** STORED DATA follows **
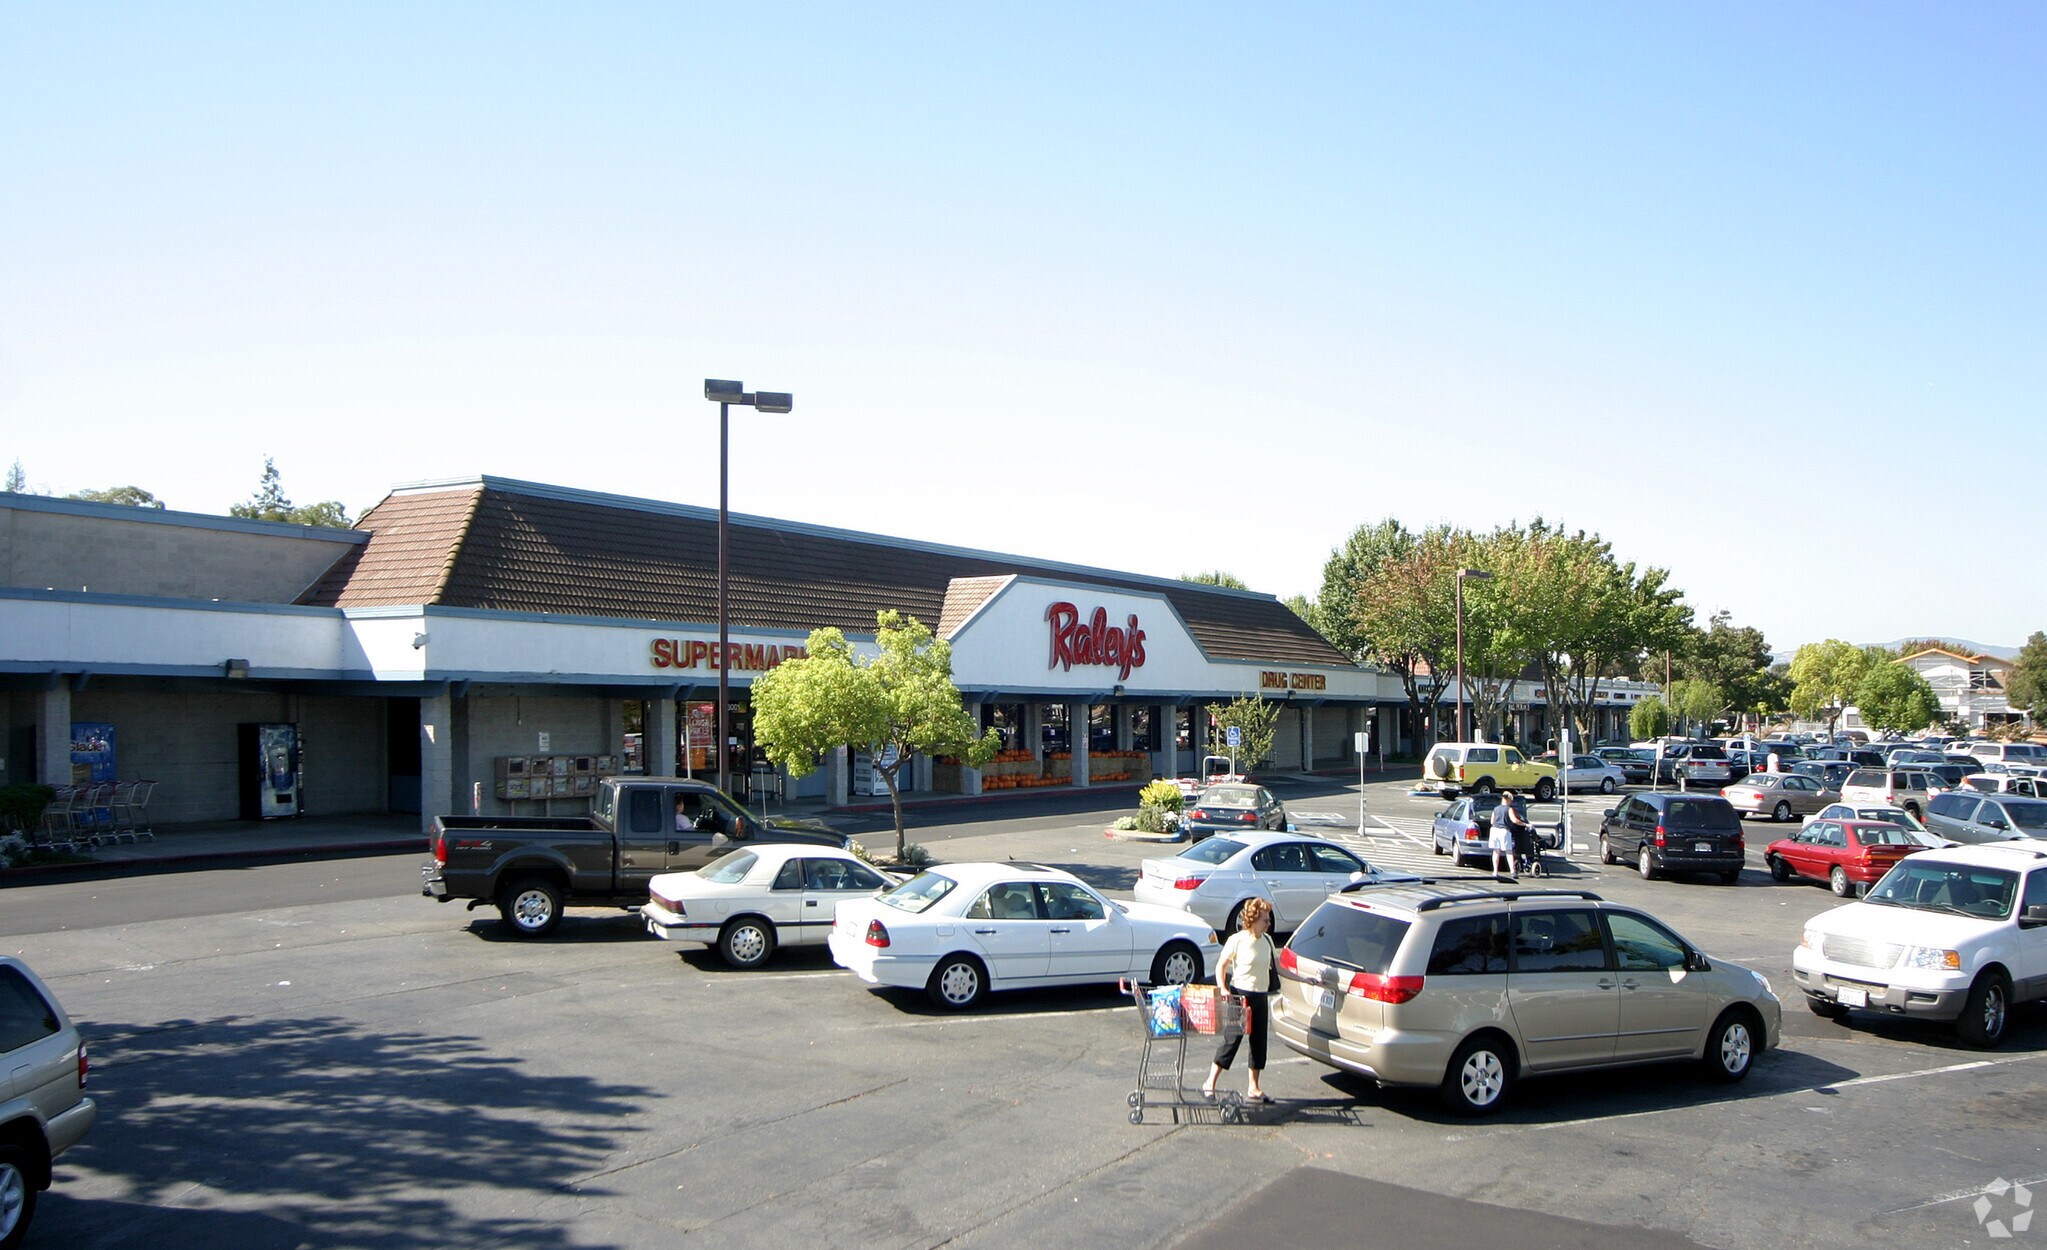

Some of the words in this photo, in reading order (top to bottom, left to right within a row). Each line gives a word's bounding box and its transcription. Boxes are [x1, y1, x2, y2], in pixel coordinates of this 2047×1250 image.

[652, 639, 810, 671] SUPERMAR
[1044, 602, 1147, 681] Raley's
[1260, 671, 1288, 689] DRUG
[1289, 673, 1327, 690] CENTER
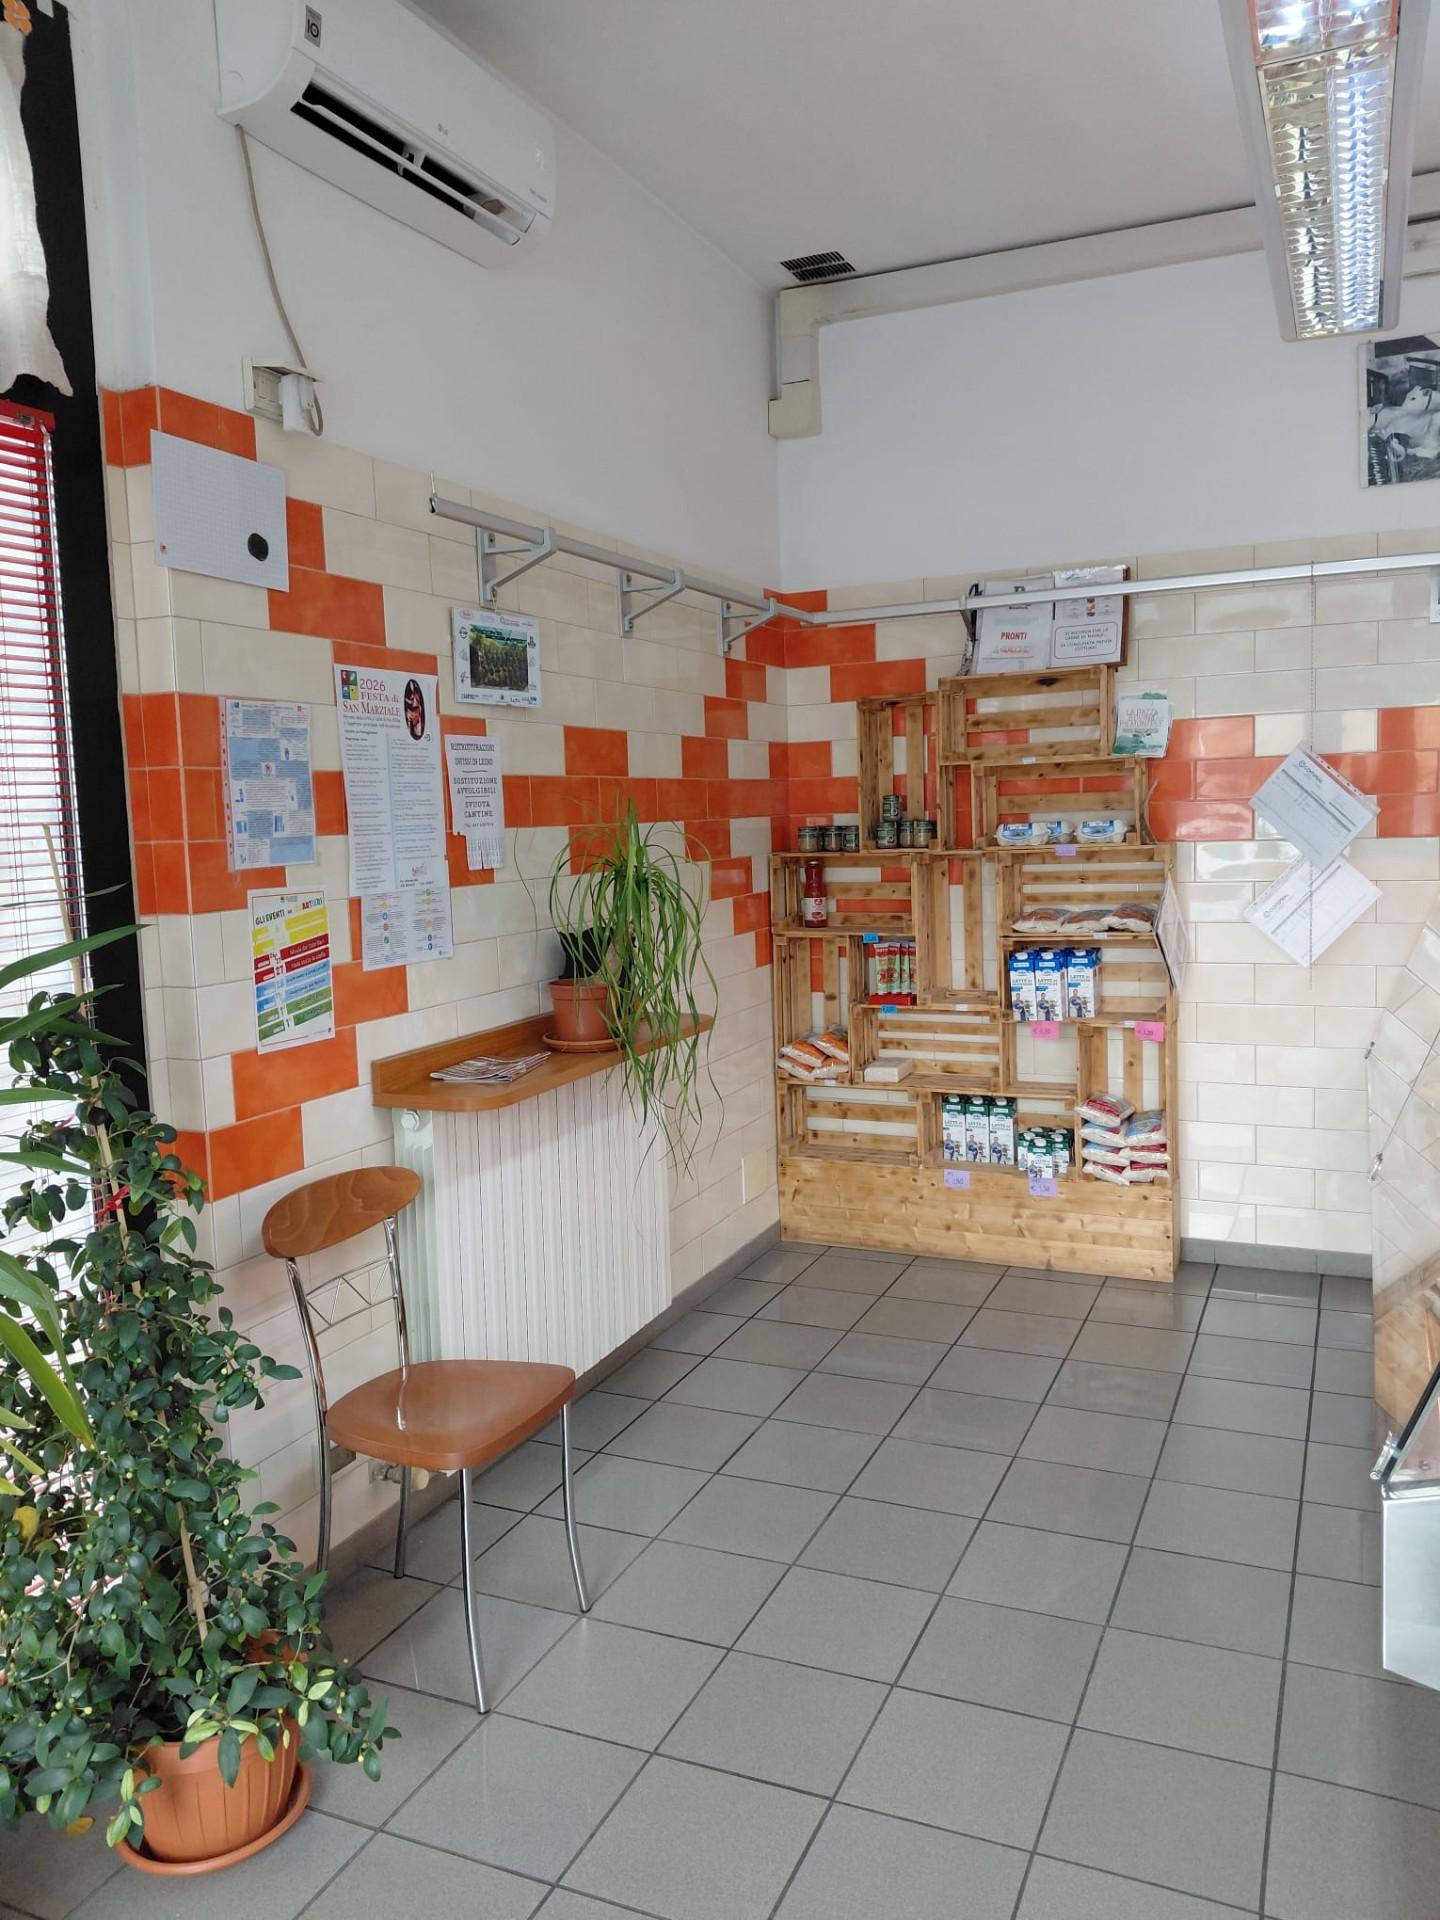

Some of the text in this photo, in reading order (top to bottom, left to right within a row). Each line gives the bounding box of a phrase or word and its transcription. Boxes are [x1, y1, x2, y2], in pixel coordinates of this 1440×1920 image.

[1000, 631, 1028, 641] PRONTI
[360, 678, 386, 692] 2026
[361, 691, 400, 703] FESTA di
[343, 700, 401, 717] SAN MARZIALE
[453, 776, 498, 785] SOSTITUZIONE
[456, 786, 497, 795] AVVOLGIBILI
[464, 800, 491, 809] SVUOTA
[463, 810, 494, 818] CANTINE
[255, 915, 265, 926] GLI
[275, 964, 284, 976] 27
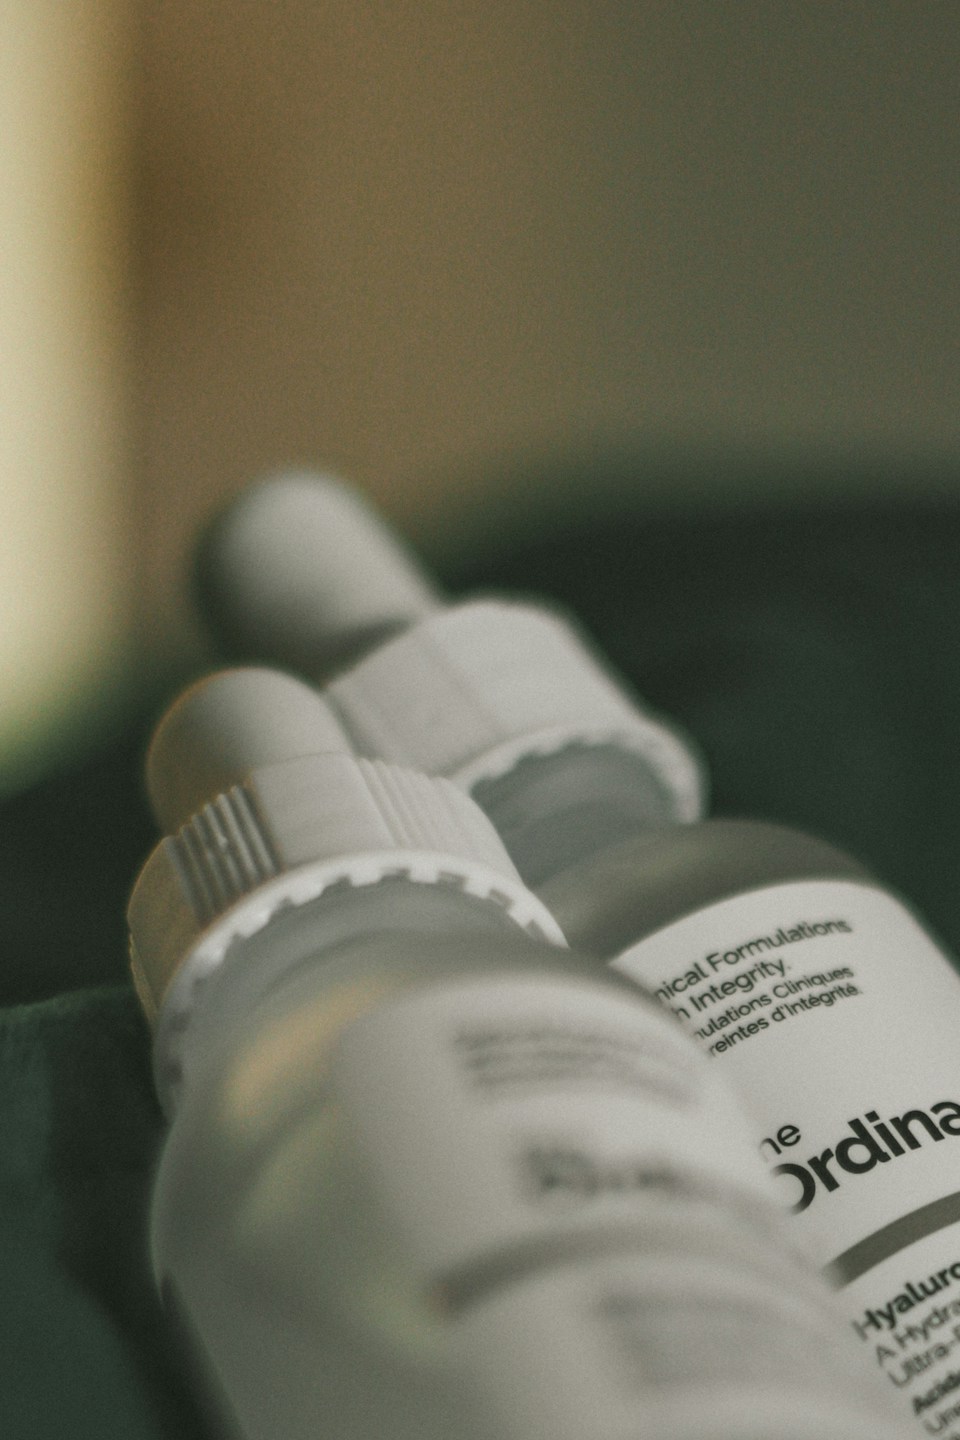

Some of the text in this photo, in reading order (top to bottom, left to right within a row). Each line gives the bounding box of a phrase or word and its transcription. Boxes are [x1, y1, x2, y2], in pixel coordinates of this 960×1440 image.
** End of STORED DATA **
ACTIVITY.
The records above are to be copied exactly, without their pictures.

SOLUTION BELOW.
Some of the words in this photo, in reading order (top to bottom, left to right within a row). Each line gives a word's bounding box and its transcription. Boxes are [x1, y1, x2, y2], in pixel coordinates of this 2047×1250 image.

[652, 639, 810, 671] SUPERMAR
[1044, 602, 1147, 681] Raley's
[1260, 671, 1288, 689] DRUG
[1289, 673, 1327, 690] CENTER

Some of the text in this photo, in reading order (top to bottom, left to right within a row). Each line gives the bounding box of a phrase or word and its transcription. Boxes are [x1, y1, x2, y2], in pixel coordinates of this 1440×1920 image.

[1000, 631, 1028, 641] PRONTI
[360, 678, 386, 692] 2026
[361, 691, 400, 703] FESTA di
[343, 700, 401, 717] SAN MARZIALE
[453, 776, 498, 785] SOSTITUZIONE
[456, 786, 497, 795] AVVOLGIBILI
[464, 800, 491, 809] SVUOTA
[463, 810, 494, 818] CANTINE
[255, 915, 265, 926] GLI
[275, 964, 284, 976] 27

Some of the text in this photo, in reading order (top to bottom, left to right within a row). Each line gives the bounding box of a phrase or word and its transcription. Boxes are [x1, y1, x2, y2], in pixel coordinates of this 960×1440 image.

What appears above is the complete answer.